Hi..I joined here a few months ago also and have just got round today to having a look. My puppy Fudge is going to have his first haircut tomorrow and I am in a panic..I just want a trim and have read some horror stories on here!!! Fudge is 7 months old...we are in Scotland xx


----------



## embee (Dec 27, 2010)

Fudgesmom said:


> Hi..I joined here a few months ago also and have just got round today to having a look. My puppy Fudge is going to have his first haircut tomorrow and I am in a panic..I just want a trim and have read some horror stories on here!!! Fudge is 7 months old...we are in Scotland xx


Take a look at this thread - quite a lot of advice about that dreaded first haircut...
http://ilovemycockapoo.com/showthread.php?t=965


----------



## H&B (Dec 21, 2010)

Hi all, 

I am from Nottinghamshire and got Buster from near Matlock. Anyone else from around there? 
Buster is 6 1/2 months. He is great. To be honest I thought I had uploaded a picture to my profile but it doesnt seem to be working 

Love H


----------



## H&B (Dec 21, 2010)

I think I have managed to do it now :S


----------



## H&B (Dec 21, 2010)

Me and Buster are from Nottingham and I got him from Derbyshire. I would love to meet his brothers and sisters.

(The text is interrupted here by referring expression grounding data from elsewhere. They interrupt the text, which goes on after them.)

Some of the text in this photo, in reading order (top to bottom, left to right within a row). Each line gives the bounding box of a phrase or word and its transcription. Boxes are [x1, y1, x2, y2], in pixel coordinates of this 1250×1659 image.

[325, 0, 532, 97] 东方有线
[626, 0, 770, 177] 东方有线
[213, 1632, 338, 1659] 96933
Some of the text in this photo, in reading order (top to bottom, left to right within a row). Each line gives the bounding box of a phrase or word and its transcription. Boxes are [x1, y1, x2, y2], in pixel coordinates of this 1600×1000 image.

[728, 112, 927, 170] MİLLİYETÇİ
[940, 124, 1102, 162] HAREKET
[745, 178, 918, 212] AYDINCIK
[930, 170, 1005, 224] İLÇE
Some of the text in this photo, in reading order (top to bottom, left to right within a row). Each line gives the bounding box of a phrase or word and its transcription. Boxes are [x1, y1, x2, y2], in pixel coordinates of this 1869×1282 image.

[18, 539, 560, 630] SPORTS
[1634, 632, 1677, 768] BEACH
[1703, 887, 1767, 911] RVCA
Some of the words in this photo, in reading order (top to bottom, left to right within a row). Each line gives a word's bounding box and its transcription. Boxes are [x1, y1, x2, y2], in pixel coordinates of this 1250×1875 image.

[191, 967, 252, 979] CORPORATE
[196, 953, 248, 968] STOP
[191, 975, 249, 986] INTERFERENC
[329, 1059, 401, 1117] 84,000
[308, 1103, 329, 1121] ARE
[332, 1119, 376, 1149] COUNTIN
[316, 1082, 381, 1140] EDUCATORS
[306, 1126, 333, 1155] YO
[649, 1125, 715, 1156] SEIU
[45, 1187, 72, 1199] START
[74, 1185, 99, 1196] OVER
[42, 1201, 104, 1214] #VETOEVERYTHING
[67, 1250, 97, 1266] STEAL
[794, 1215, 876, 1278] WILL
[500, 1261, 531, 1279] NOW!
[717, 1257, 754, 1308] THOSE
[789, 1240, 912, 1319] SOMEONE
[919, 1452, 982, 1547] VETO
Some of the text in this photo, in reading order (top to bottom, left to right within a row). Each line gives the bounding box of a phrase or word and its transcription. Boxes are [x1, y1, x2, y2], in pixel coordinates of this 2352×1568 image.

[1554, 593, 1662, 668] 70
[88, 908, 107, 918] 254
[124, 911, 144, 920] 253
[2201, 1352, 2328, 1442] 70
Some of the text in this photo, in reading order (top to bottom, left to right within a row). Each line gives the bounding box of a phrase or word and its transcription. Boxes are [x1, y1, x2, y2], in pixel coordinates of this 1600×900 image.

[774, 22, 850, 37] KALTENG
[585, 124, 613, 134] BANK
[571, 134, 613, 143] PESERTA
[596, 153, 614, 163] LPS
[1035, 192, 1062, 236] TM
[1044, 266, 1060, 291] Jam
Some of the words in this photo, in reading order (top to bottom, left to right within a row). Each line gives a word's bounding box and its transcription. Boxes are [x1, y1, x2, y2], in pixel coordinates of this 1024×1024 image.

I have emailed my breeder but didnt hear anything back


----------



## Dawny (Mar 28, 2010)

hi my wispa is older than your buster but we got wispa from a lady in tideswell derbyshire and was wondering if your buster is from the same lady but the next litter that her cocker called jelly had? i live in birmingham but travel all over the place in our motorhome on hols, welcome to the site it is very helpful and good fun on here too!


----------



## embee (Dec 27, 2010)

Dawny said:


> hi my wispa is older than your buster but we got wispa from a lady in tideswell derbyshire and was wondering if your buster is from the same lady but the next litter that her cocker called jelly had? i live in birmingham but travel all over the place in our motorhome on hols, welcome to the site it is very helpful and good fun on here too!


Jelly - what a great dog name.


----------